Ross et al. introduced transseptal puncture (TP) into clinical practice in the late 1950s [1] as a diagnostic tool to ensure the proper selection of patients for cardiac valve surgery, and it is an important technique employed by electrophysiologists. Generally, fluoroscopic landmarks are used for TP. More recently, transesophageal (TEE) or intracardiac echocardiography (ICE) have been used to guide TP, allowing for a more precise localization of the TP site [2,3]. Percutaneous TP is often performed for left heart decompression when performing veno-arterial extracorporeal membrane oxygenation (ECMO) for patients with heart failure [4,5]. Despite its utility, TP has a potential for serious complications, such as aortic puncture, cardiac perforation, and systemic emboli [6]. Reports suggest that employing a patent foramen ovale (PFO) during balloon mitral valvuloplasty may lead to reduced procedure times and a lower incidence of significant complications such as hemopericardium and cardiac tamponade, as well as atrial septal defects [7]. However, a persistent limitation lies in the requirement for the precise anatomical localization of the PFO.

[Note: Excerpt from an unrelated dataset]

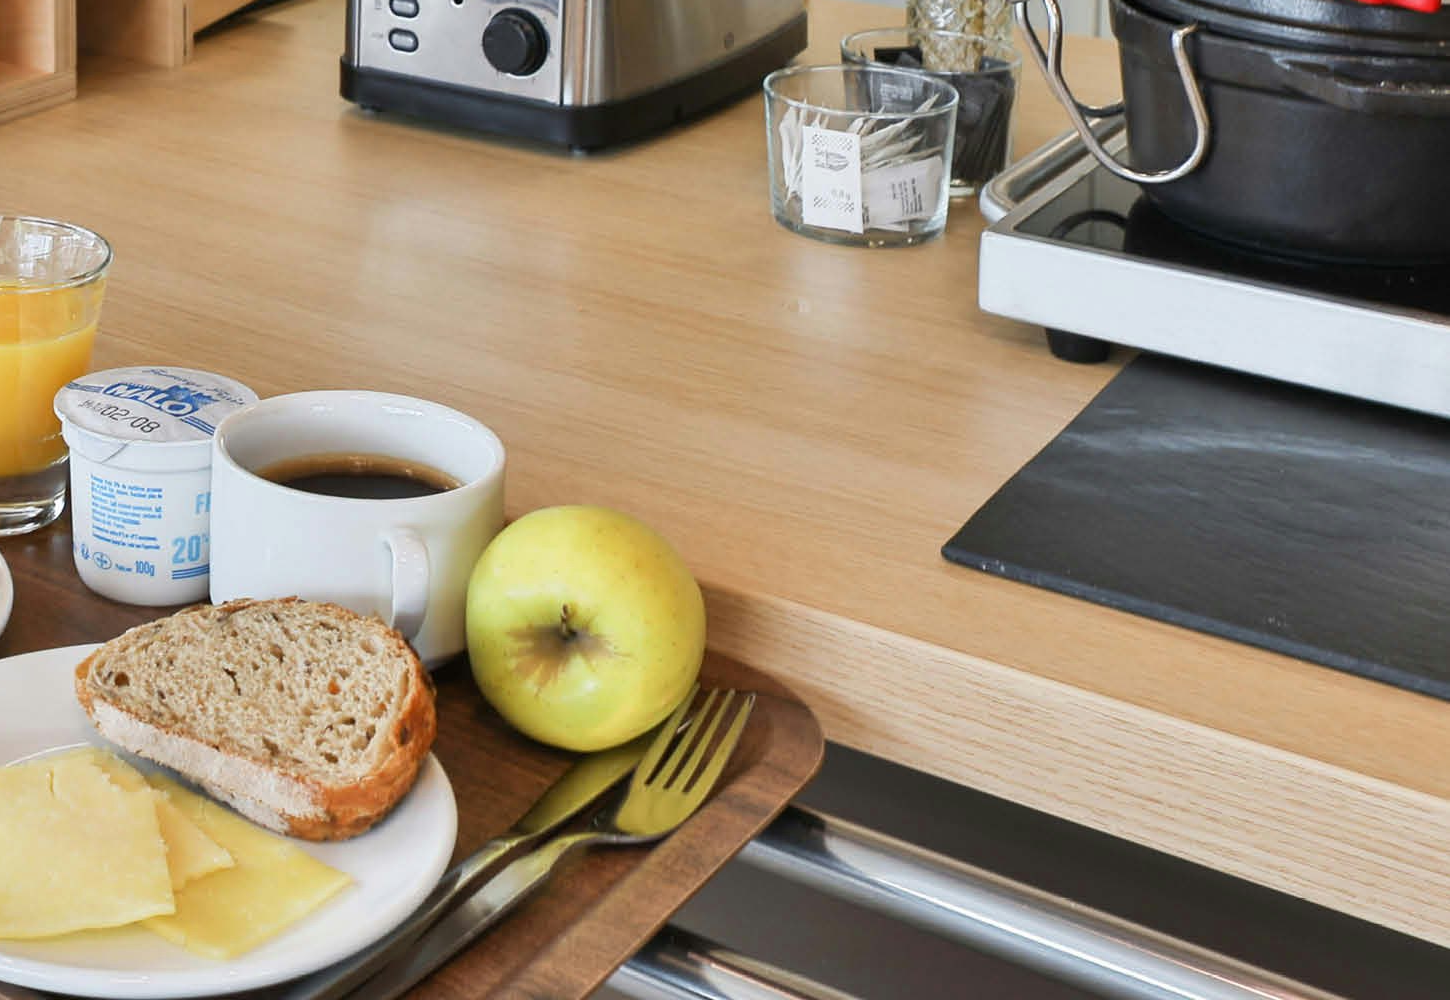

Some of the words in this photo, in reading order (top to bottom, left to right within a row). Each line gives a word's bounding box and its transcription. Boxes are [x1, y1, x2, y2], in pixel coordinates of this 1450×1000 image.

[103, 383, 198, 417] MALO
[100, 405, 160, 433] 02/08
[135, 560, 155, 577] 100g

It is believed that approximating the location of the foramen ovale (FO) on radiologic views, with the assistance of TEE or ICE, may significantly aid in performing safe and effective TP.

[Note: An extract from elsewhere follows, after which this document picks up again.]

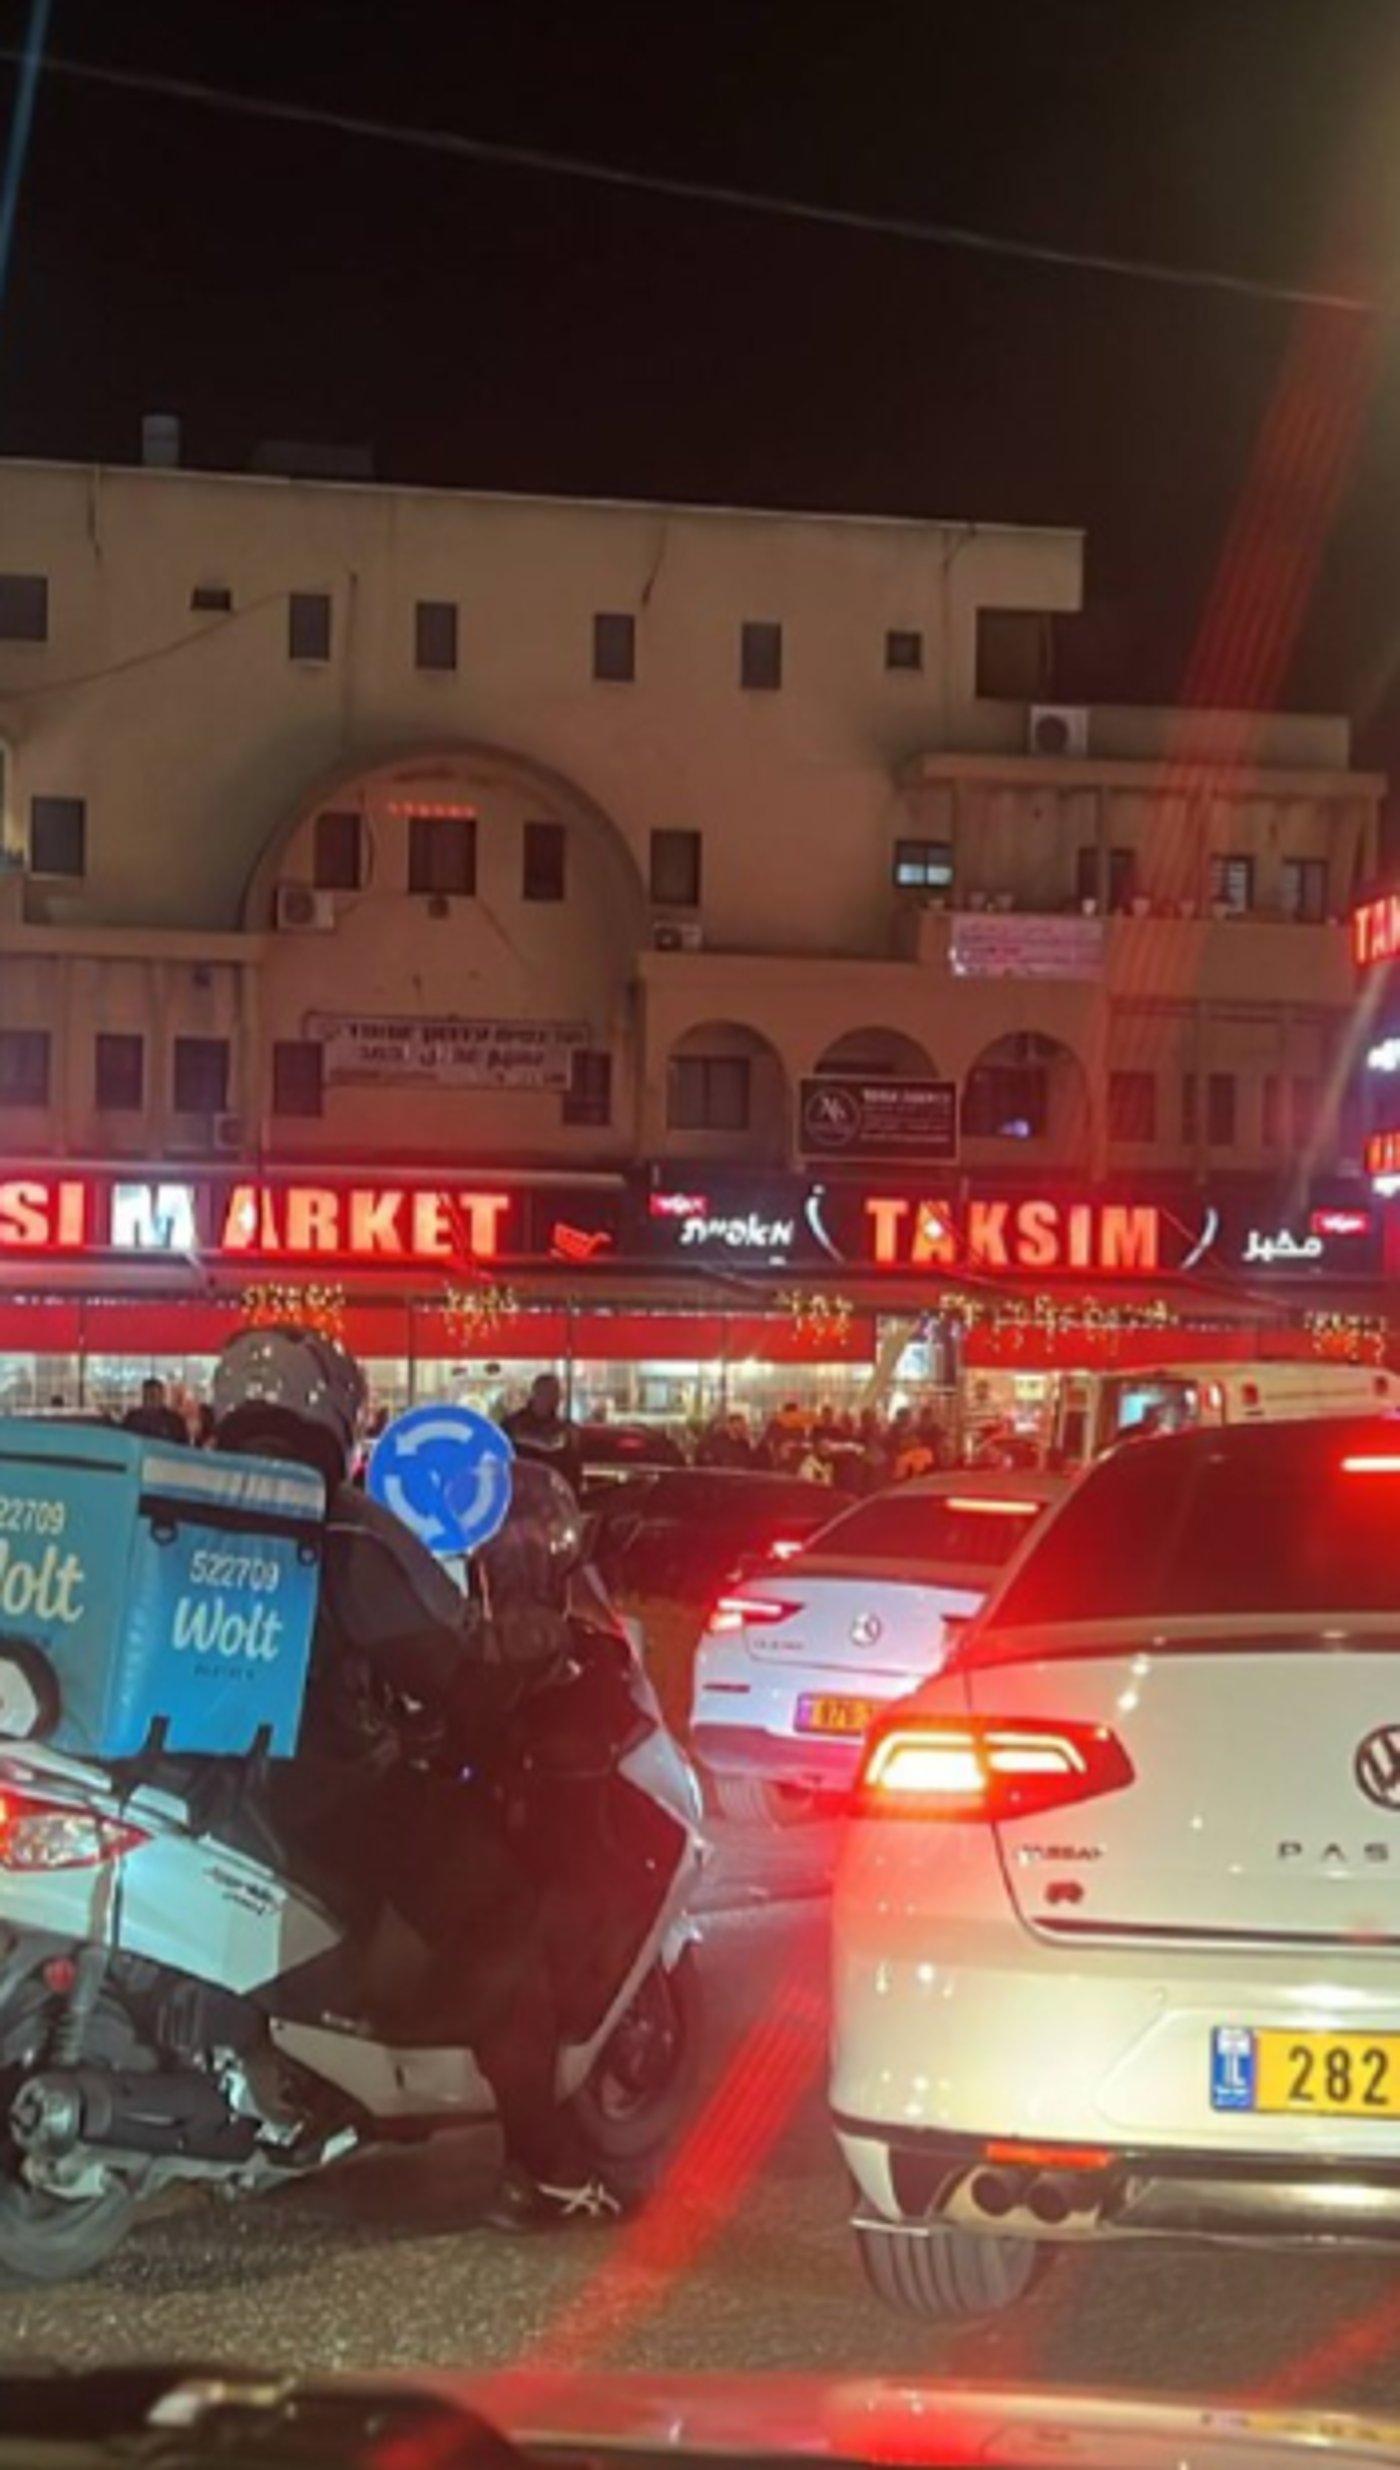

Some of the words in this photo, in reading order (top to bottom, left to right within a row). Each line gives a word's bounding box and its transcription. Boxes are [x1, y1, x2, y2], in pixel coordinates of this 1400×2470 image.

Specifically, our aim is to facilitate transseptal puncture (TP) for most clinicians by utilizing readily available two-dimensional radiologic views in the clinical setting. To the best of our knowledge, no studies have analyzed the optimal FO position for effectively performing TP using chest X-ray or chest computed tomography (CT) scout views; this technique, however, only provides a two-dimensional perspective. Herein, we sought to find the location of the FO using vertebral body units (VBUs) for safe and effective TP. This study demonstrated the use of the VBU, which was defined as the distance between two adjacent vertebral bodies, including the intervertebral disk space, to locate the FO on a chest CT scout view, using the carina as a landmark, for effective and safe TP.

2. Materials and Methods

2.1. Study Design

This retrospective study was approved by the institutional ethics committee of our institution (approval number: GNUCH 2022-04-011). Given that this was a retrospective study, the informed consent requirement was waived.

2.2. Participants

The study population comprised 260 patients who underwent multidetector-row computed tomography (MDCT) at our institution between September 2020 and June 2021. This cohort included 31 patients treated with ECMO for cardiogenic shock, 32 patients diagnosed with atrial fibrillation (AF) who underwent MDCT, and 197 patients who underwent MDCT for non-cardiac conditions. The exclusion criteria included destructive lung disease, a history of heart or lung surgery, and spine disease or a history of spine surgery.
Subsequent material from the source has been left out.